Executive Order 13132, Federalism ↑
The FAA has analyzed this final rule under the principles and criteria of Executive Order 13132, Federalism. We determined that this action will not have a substantial direct effect on the States, or the relationship between the national Government and the States, or on the distribution of power and responsibilities among the various levels of government. Therefore, we have determined that this final rule does not have federalism implications.
Plain Language ↑
In response to the June 1, 1998 Presidential Memorandum regarding the use of plain language, the FAA re-examined the writing style currently used in the development of regulations. The memorandum requires federal agencies to communicate clearly with the public. We are interested in your comments on whether the style of this document is clear, and in any other suggestions you might have to improve the clarity of FAA communications that affect you. You can get more information about the Presidential memorandum and the plain language initiative at http//:www.plainlanguage.gov.
Environmental Analysis ↑
FAA Order 1050.1E identifies FAA actions that are categorically excluded from preparation of an environmental assessment or environmental impact statement under the National Environmental Policy Act in the absence of extraordinary circumstances. The FAA has determined this rulemaking action qualifies for the categorical exclusion identified in paragraph 312f and involves no extraordinary circumstances.
Regulations That Significantly Affect Energy Supply, Distribution, or Use ↑
The FAA has analyzed this final rule under Executive Order 13211, Actions Concerning Regulations that Significantly Affect Energy Supply, Distribution, or Use (66 FR 28355; May 18, 2001). We have determined that it is not a “significant energy action” under the executive order because it is not a “significant regulatory action” under Executive Order 12866, and it is not likely to have a significant adverse effect on the supply, distribution, or use of energy.
The Amendment ↑
In consideration of the foregoing, the Federal Aviation Administration amends SFAR No. 106 to Chapter II of Title 14, Code of Federal Regulations, as follows:
Part 121—operating requirements: domestic, flag, and supplemental operations ↑1. The authority citation for part 121 continues to read as follows:
49 U.S.C. 106(g), 1153, 40101, 40102, 40103, 40113, 41721, 44105, 44106, 44111, 44701-44717, 44722, 44901, 44903, 44904, 44906, 44912, 44914, 44936, 44938, 46103, 46105.2. Amend SFAR 106 by revising sections 2 and 3(a) introductory text to read as follows:
Special Federal Aviation Regulation 106—Rules for Use of Portable Oxygen Concentrator Systems On Board Aircraft ↑* * * * *
Section 2. Definitions—For the purposes of this SFAR the following definitions apply: Portable Oxygen Concentrator: means the AirSep FreeStyle, AirSep LifeStyle, Delphi RS-00400, Inogen One, Invacare XPO2, Respironics EverGo, and SeQual Eclipse Portable Oxygen Concentrator medical devices as long as those medical devices: (1) Do not contain hazardous materials as determined by the Pipeline and Hazardous Materials Safety Administration; (2) are also regulated by the Food and Drug Administration; and (3) assist a user of medical oxygen under a doctor's care. These units perform by separating oxygen from nitrogen and other gases contained in ambient air and dispensing it in concentrated form to the user.
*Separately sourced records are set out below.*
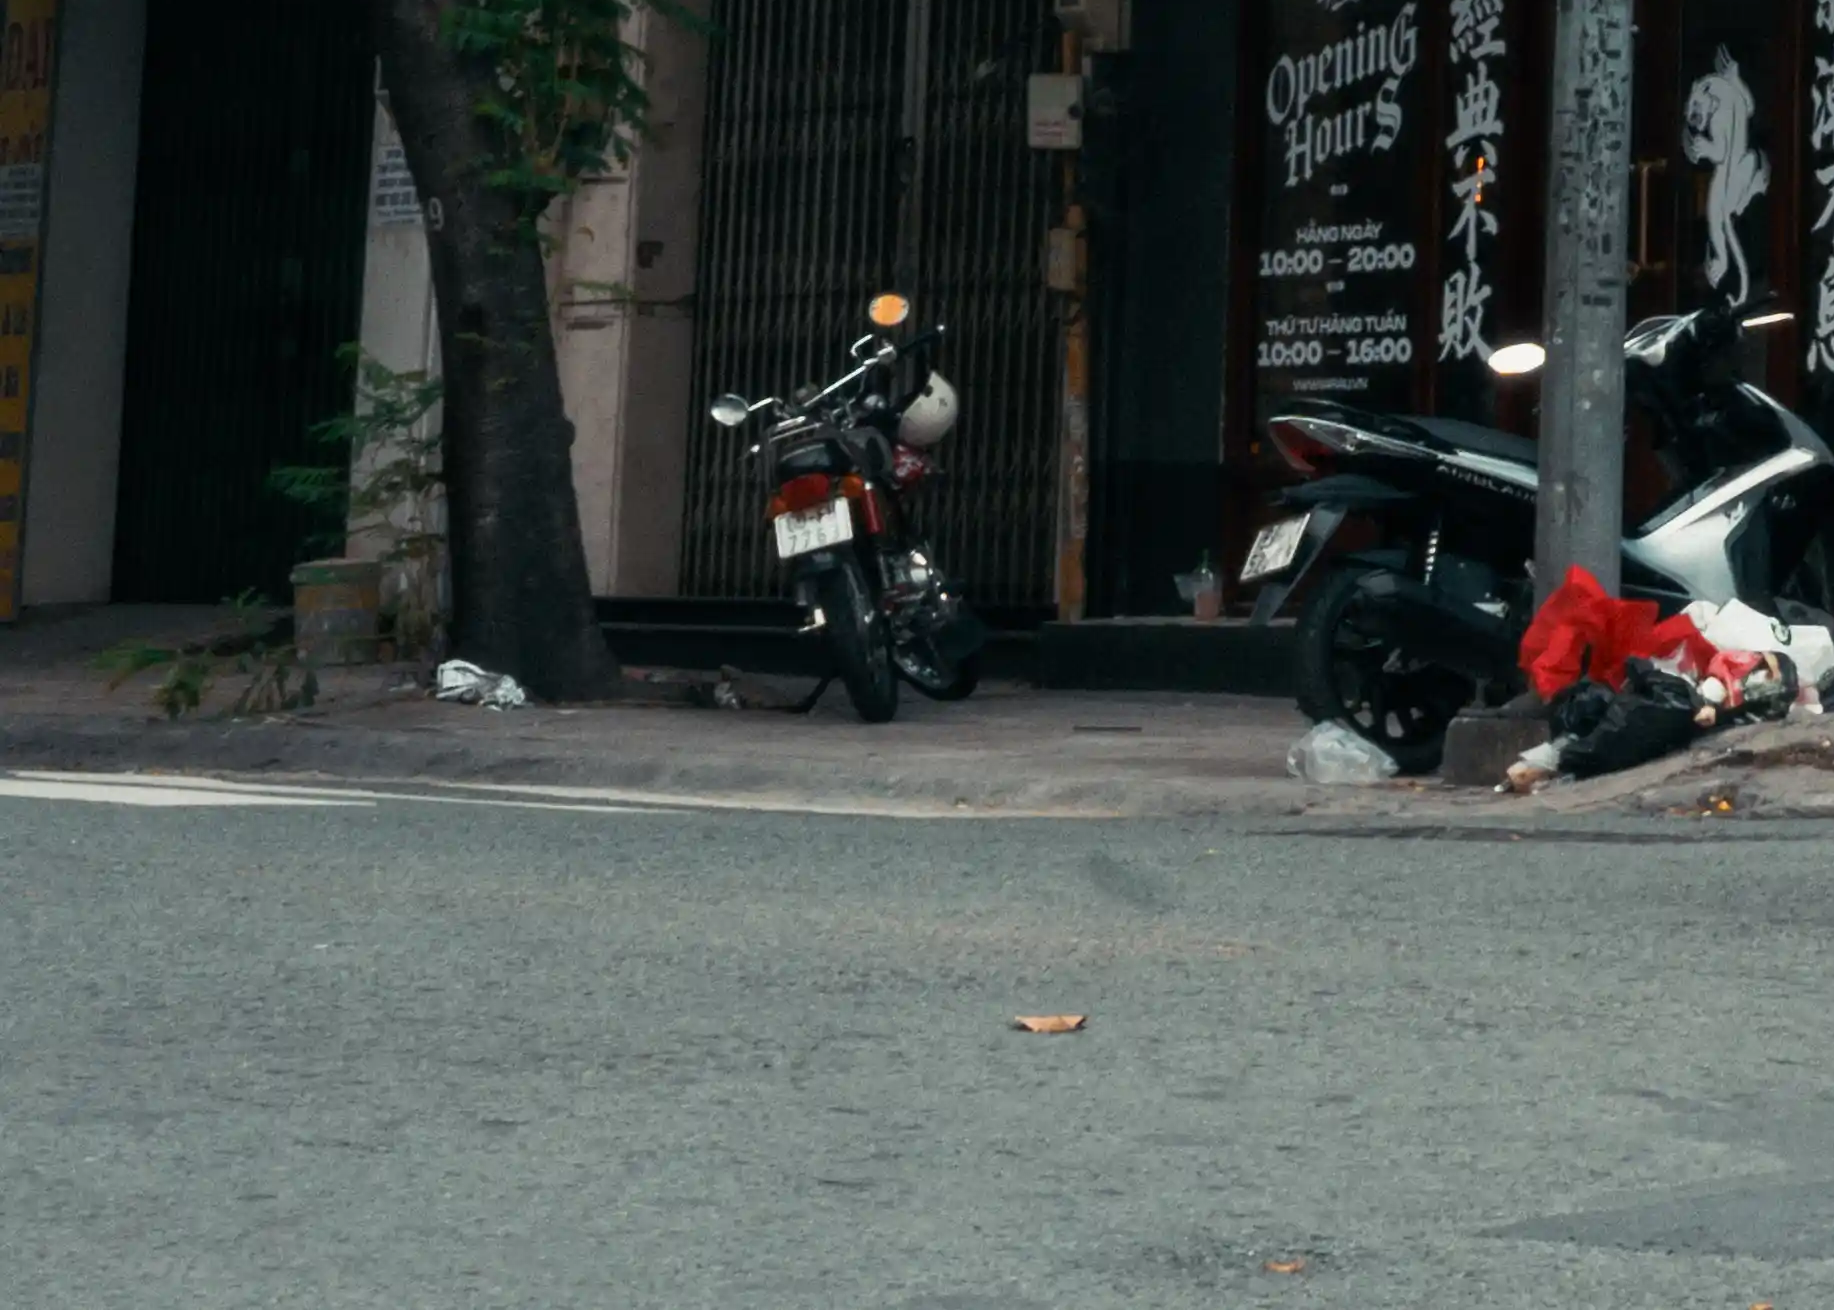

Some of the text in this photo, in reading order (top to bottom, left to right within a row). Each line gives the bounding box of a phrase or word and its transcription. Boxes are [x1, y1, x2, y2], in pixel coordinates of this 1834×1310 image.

[1341, 216, 1384, 242] NGÀY
[1258, 248, 1324, 277] 10:00
[1346, 242, 1416, 273] 20:00
[1256, 339, 1323, 368] 10:00
[1344, 336, 1414, 367] 16:00
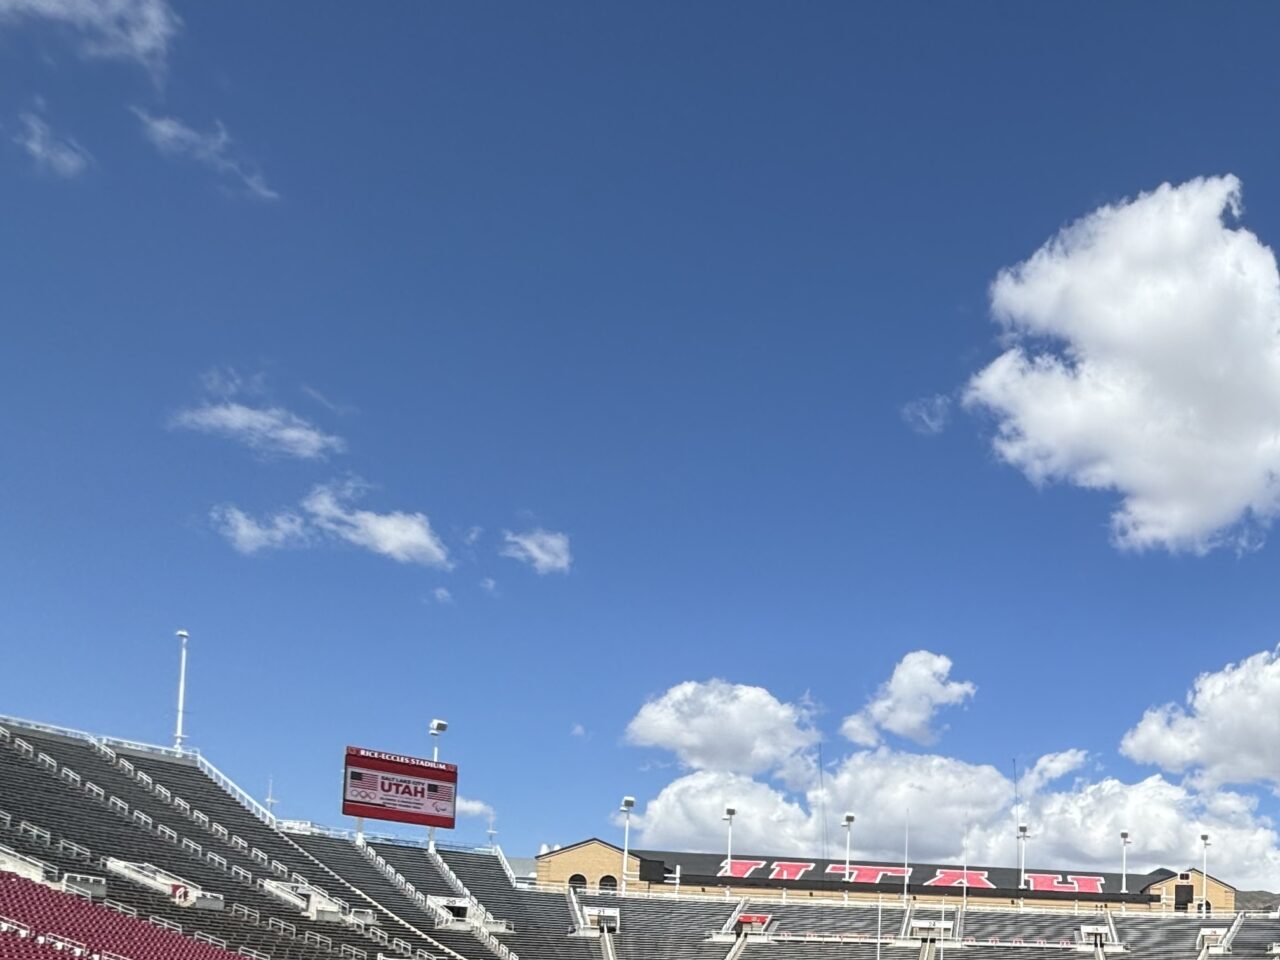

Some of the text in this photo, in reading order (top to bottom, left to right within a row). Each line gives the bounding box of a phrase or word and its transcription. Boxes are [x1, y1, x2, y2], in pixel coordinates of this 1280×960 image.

Section 3. Operating Requirements—
(a) No person may use and no aircraft operator may allow the use of any portable oxygen concentrator device, except the AirSep FreeStyle, AirSep LifeStyle, Delphi RS-00400, Inogen One, Invacare XPO2, Respironics EverGo, or SeQual Eclipse Portable Oxygen Concentrator devices. These devices may be carried on and used by a passenger on board an aircraft provided the aircraft operator ensures that the following conditions are satisfied:* * * * * Issued in Washington, DC on January 7, 2009. Robert Sturgell, Acting Administrator.